Rescuing our river in Tanah Merah

  • Community
  • Tuesday, 03 Jun 2008

IN conjunction with World Environment Day on June 5, Kuala Lumpur-based non-profit conservation group Wild Asia will be organising a series of events in June as part of its River of Life programme in Tanah Merah.

Wild Asia founder and director Dr Reza Azmi said the work here focuses on the 14km long Sungai Janging, which, cutting across 4,500 of oil palm plantation land, provided the only natural connection between Lukut's mangrove forests and the forested hill slopes of Bukit Siamang.

“This river not only provides a natural link for wildlife but also a link to a wider community in terms of fishing, transport, and agriculture. In recent years however, Sungai Janging has become degraded and polluted and many of the biodiversity values have been lost,” said Reza.

Nature study: Students from SRJK(T) Ladang Tanah Merah on afield trip to study the causes of river pollution in Sg. Keroh.

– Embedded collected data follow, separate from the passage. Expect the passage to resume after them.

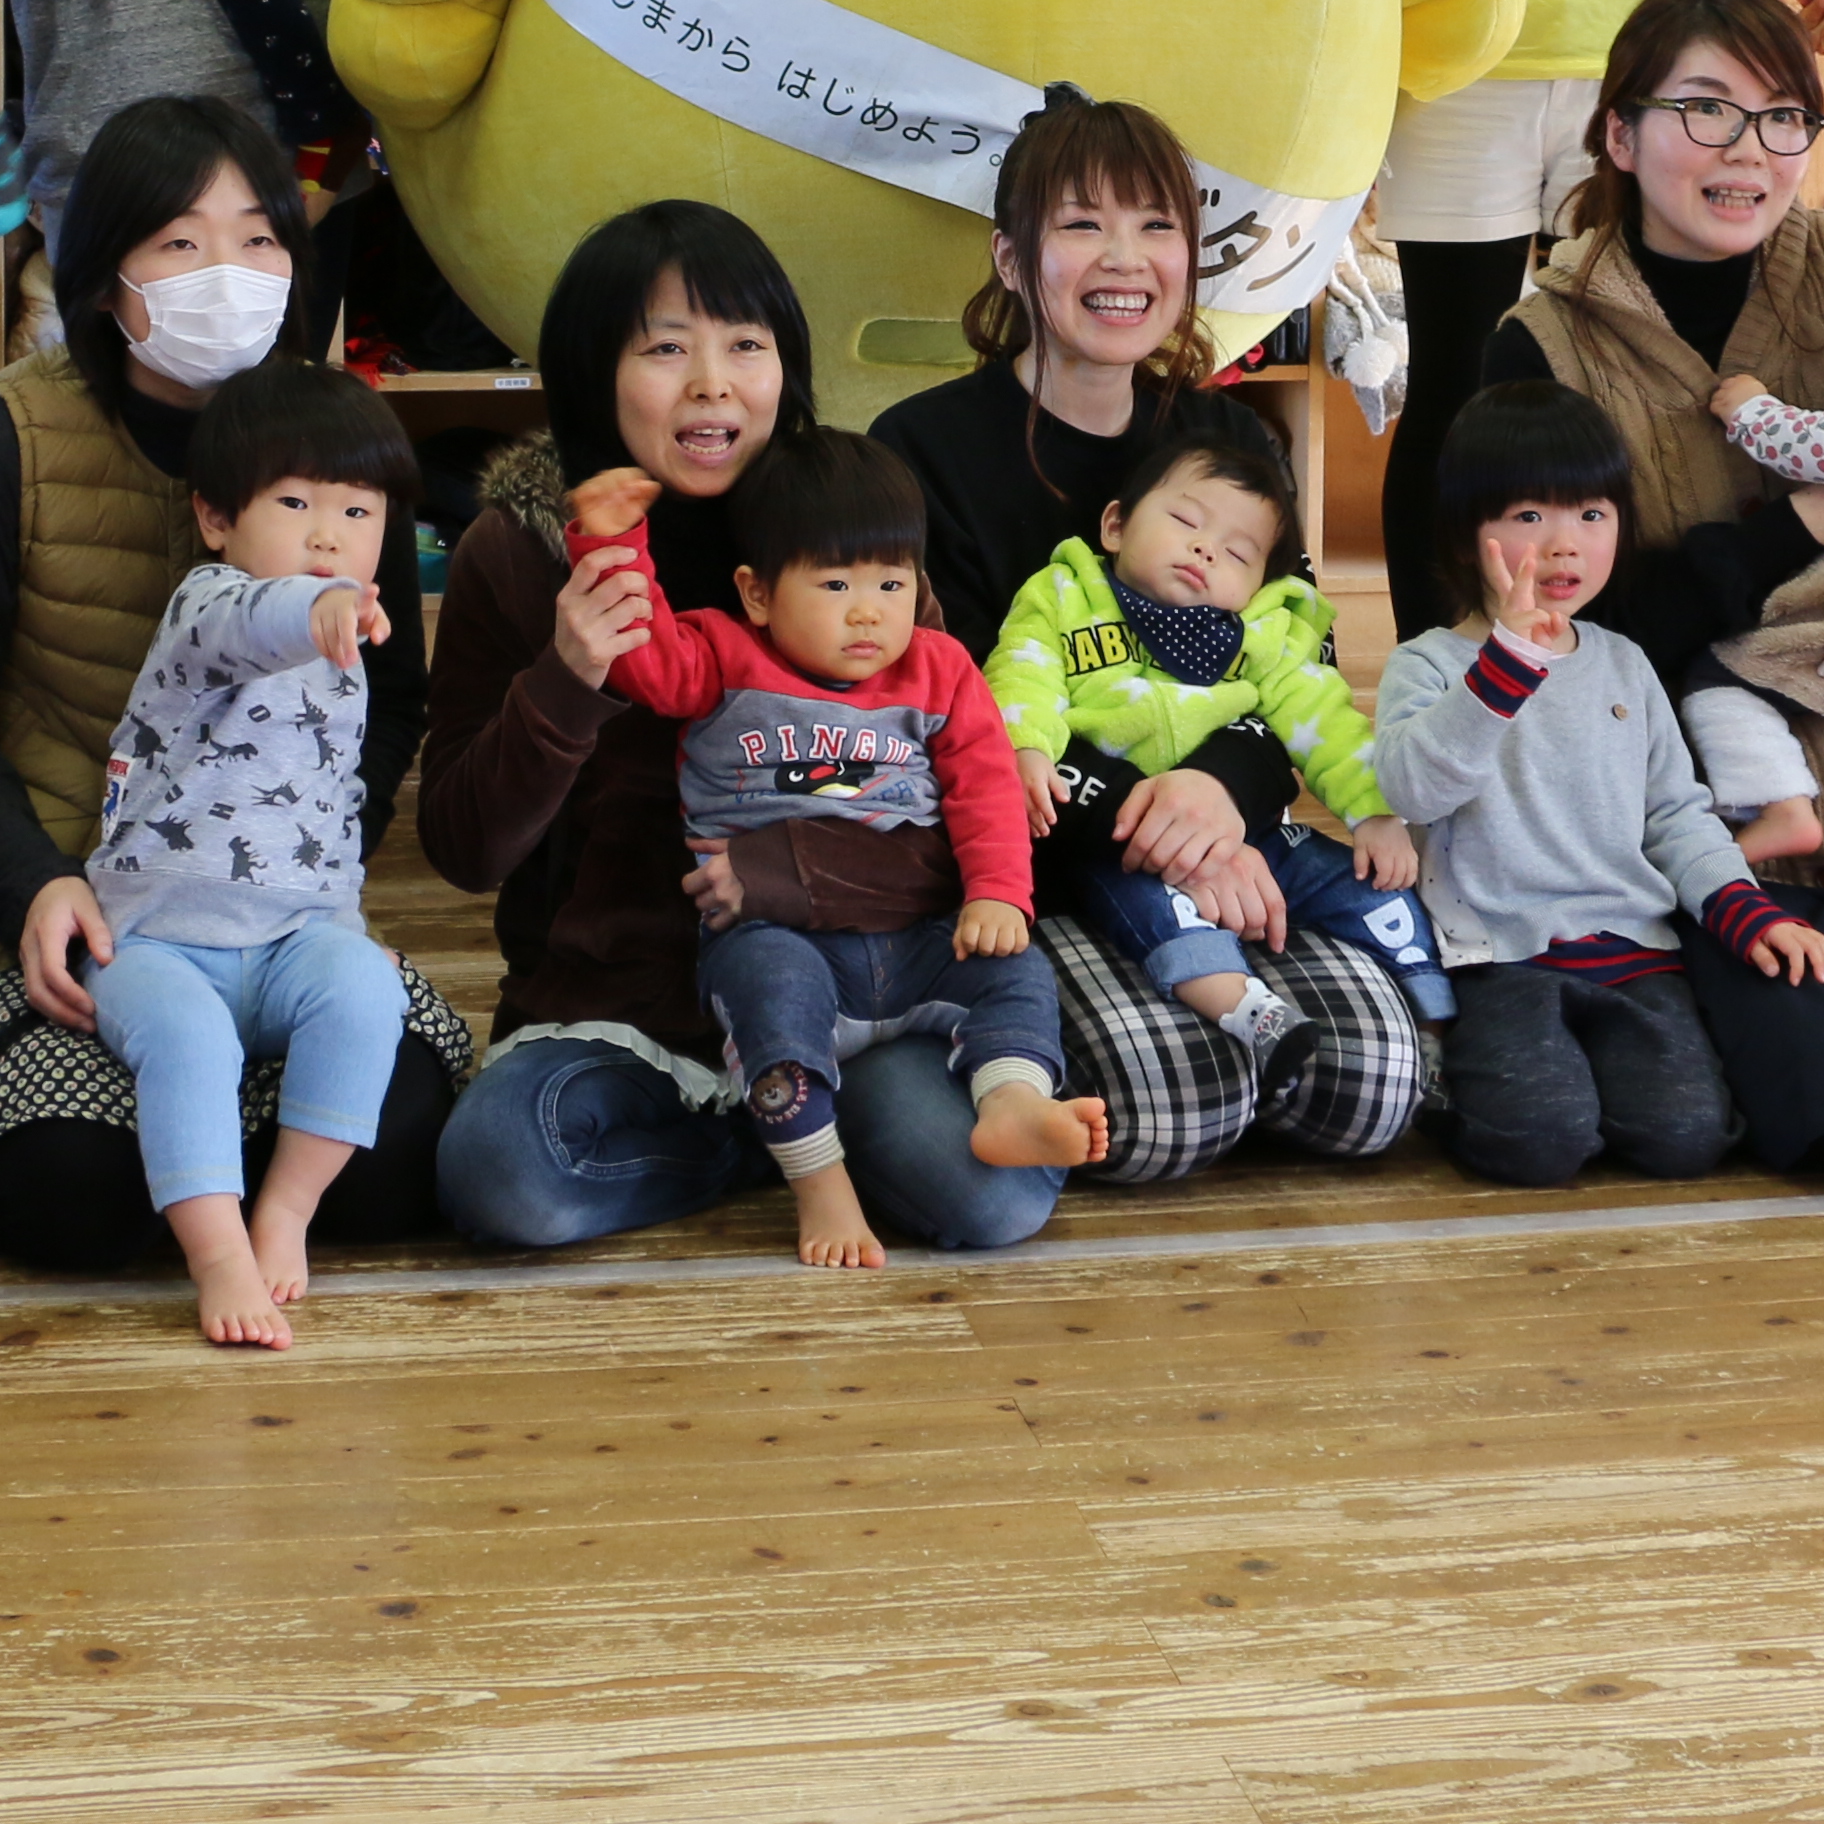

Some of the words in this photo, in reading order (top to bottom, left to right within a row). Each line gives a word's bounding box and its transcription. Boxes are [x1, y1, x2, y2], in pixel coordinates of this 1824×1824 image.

[776, 60, 1004, 168] はじめよう。
[1198, 188, 1317, 293] タン
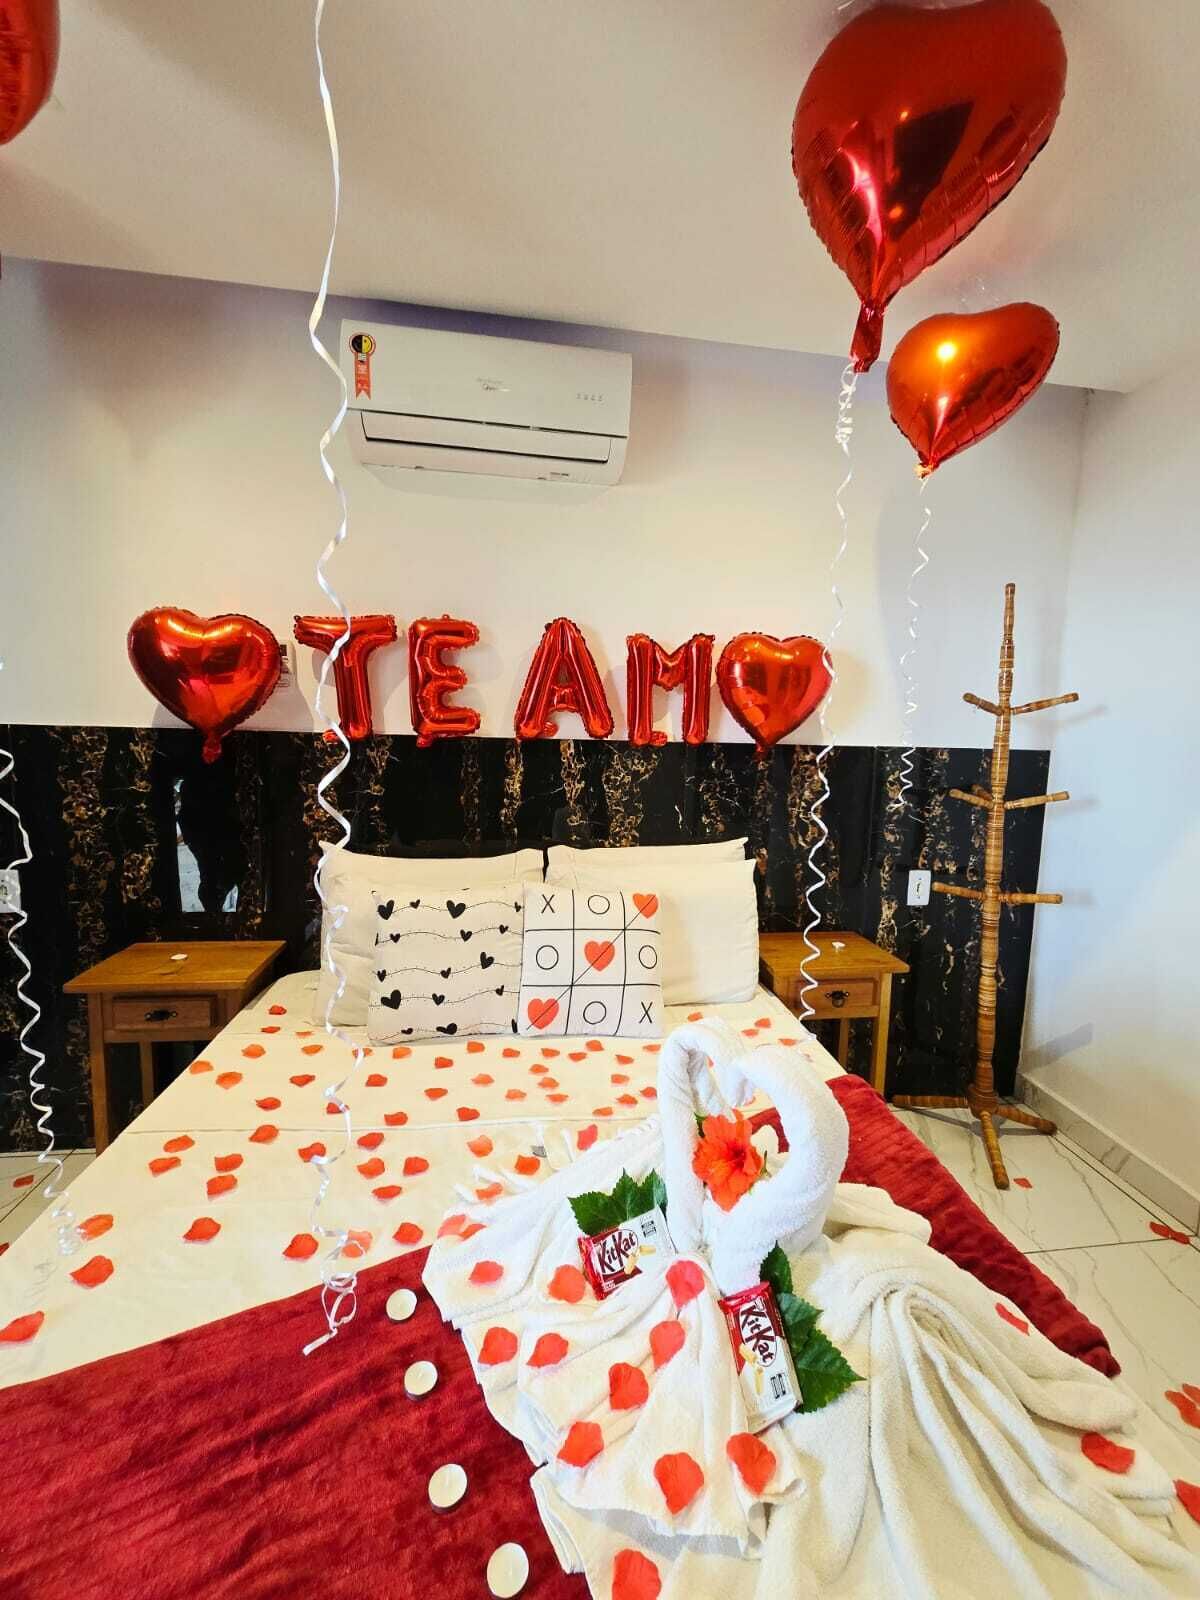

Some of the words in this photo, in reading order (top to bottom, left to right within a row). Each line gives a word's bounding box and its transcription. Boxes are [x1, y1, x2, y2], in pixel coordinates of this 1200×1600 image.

[293, 614, 481, 744] TE
[597, 1231, 637, 1274] KitKat
[740, 1304, 776, 1363] KitKat
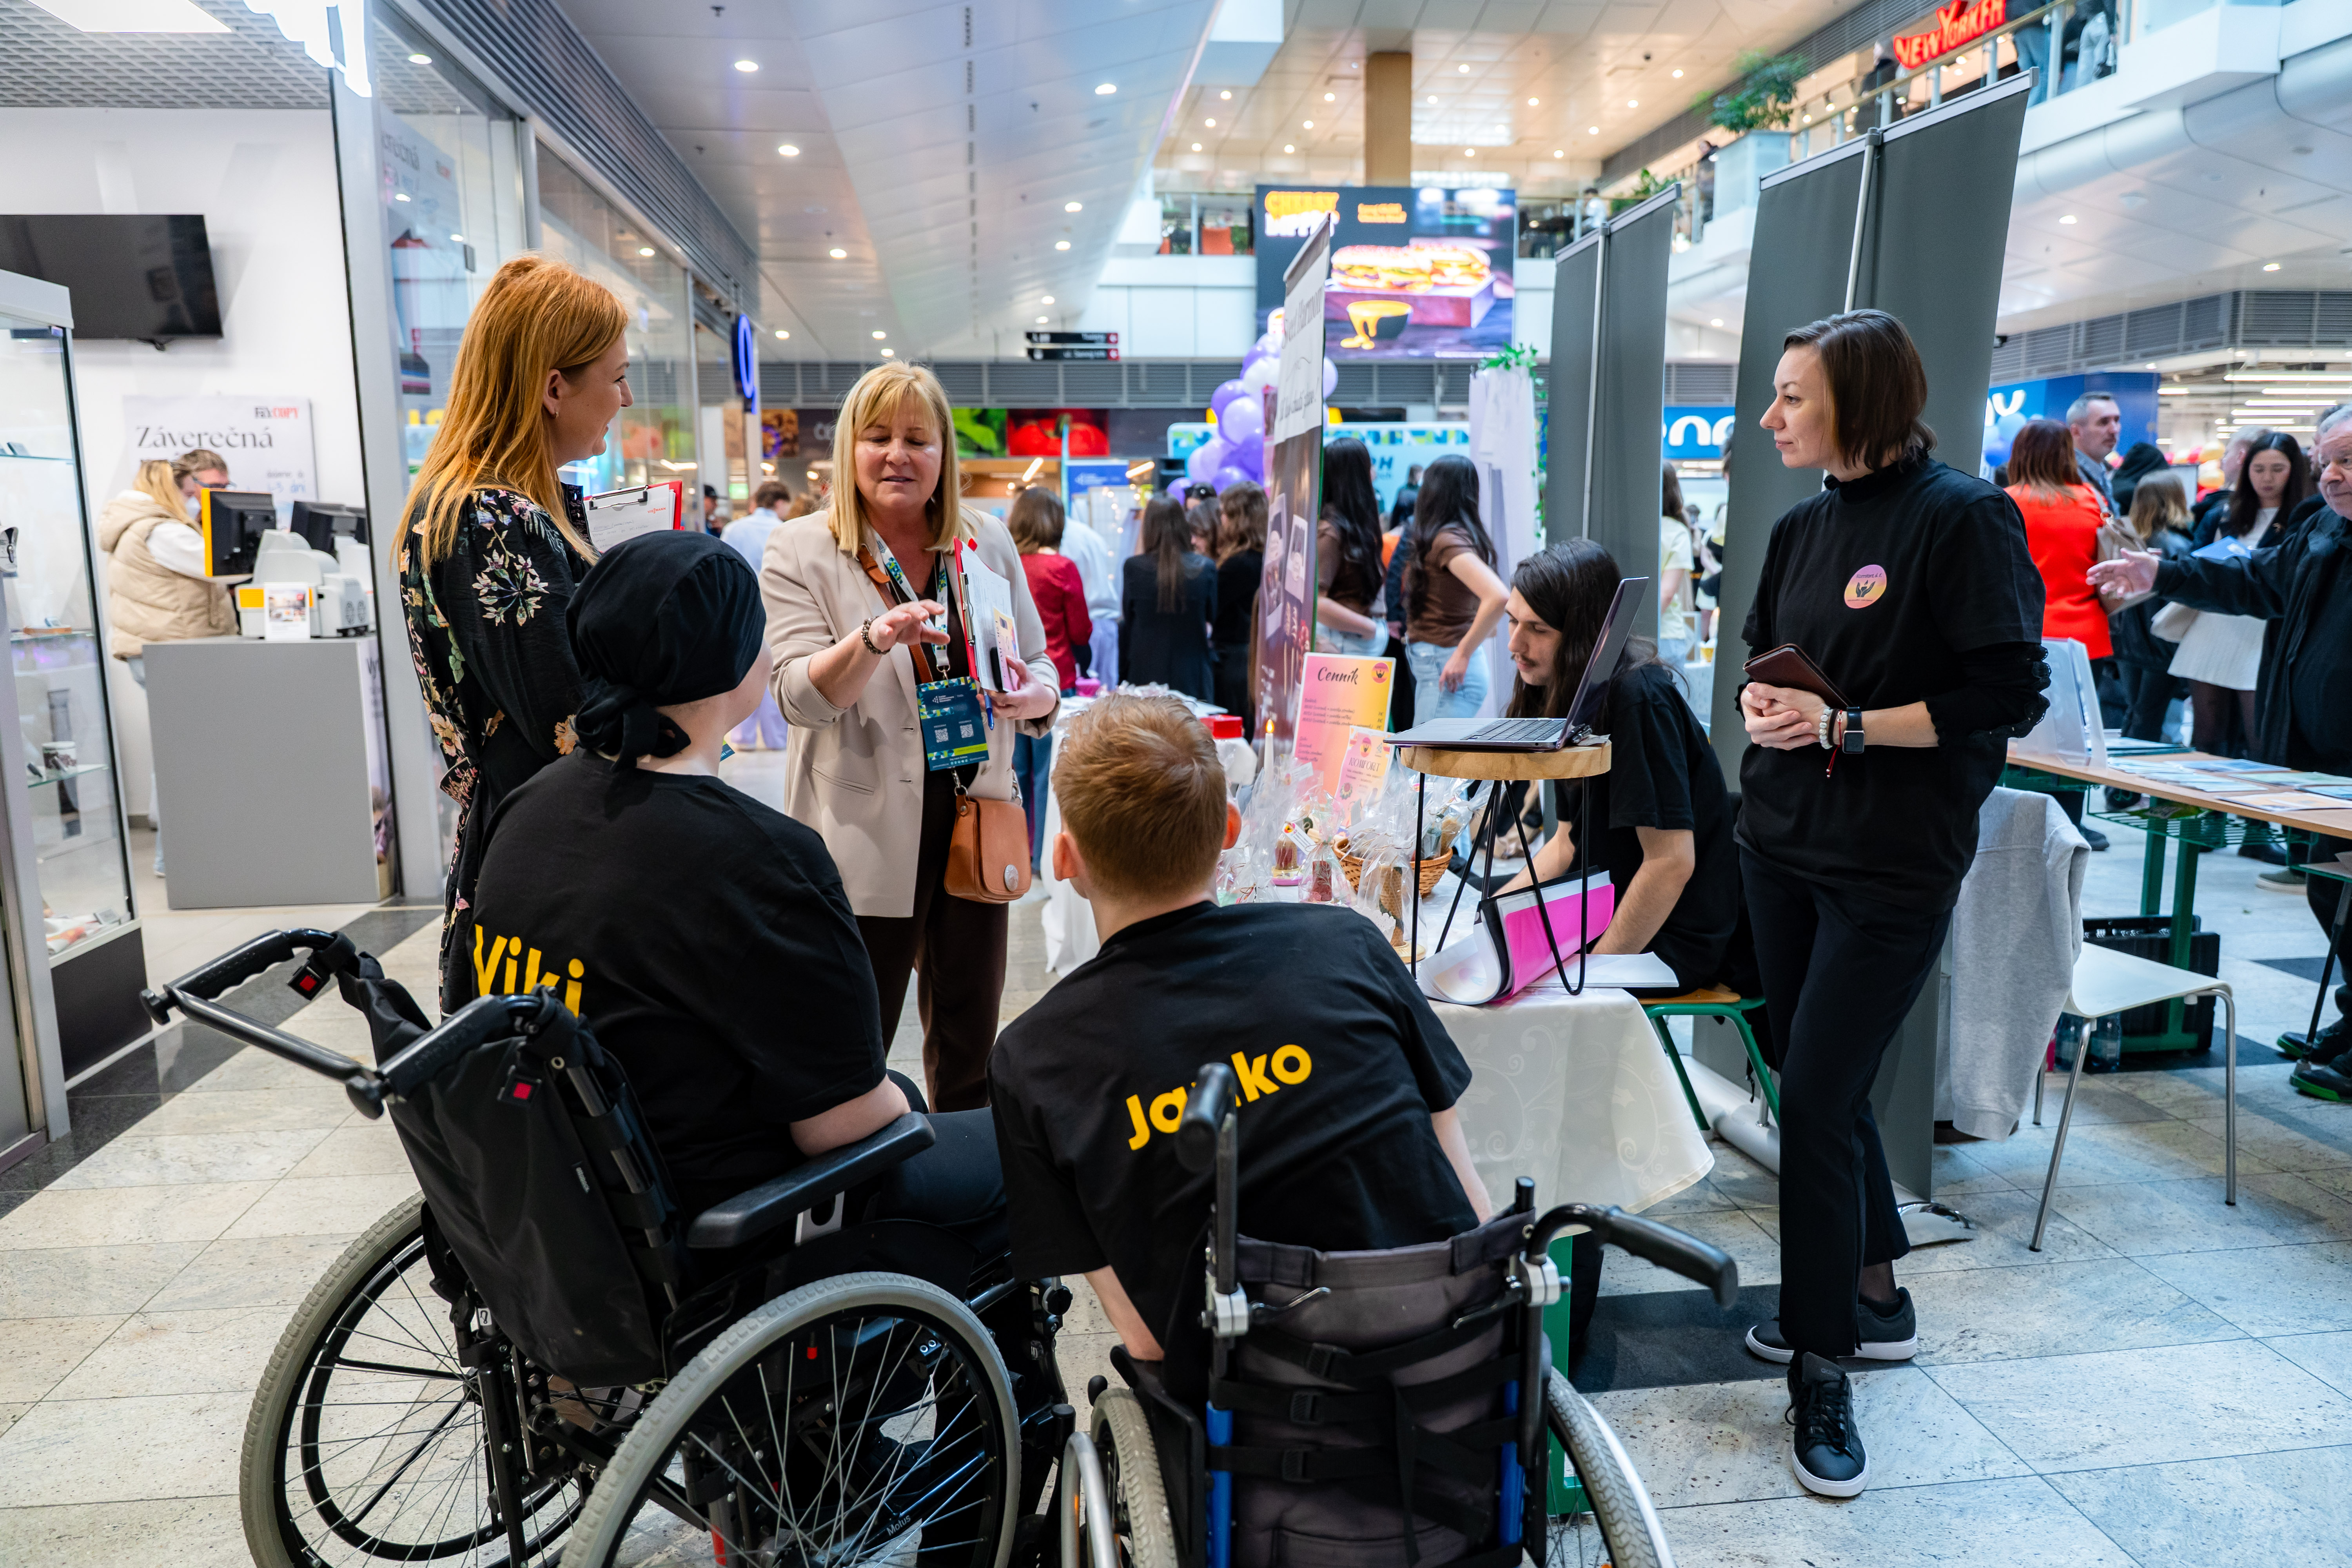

As the first step towards Tanah Merah’s River of Life programme, some five to 10 metres riparian buffer zones have been set to allow natural regeneration of grasses and shrubs and to improve quality of the plantations' water resources. For this purpose, a water quality monitoring programme had also been put in place.

Some of the priorities of the project would be on rehabilitation of the river, enhancing biodiversity values, extension of the mangrove reserves, reducing sedimentation of streams and drains during the replant phases and implementing environmental education programmes with primary schools within the area.

In relation to primary schools, there is an event on June 6 with activities planned for six schools within Tanah Merah, on outdoor environmental programs.

All abouttrees:Rezaexplainingabout thedifferenttypes oftreespecies.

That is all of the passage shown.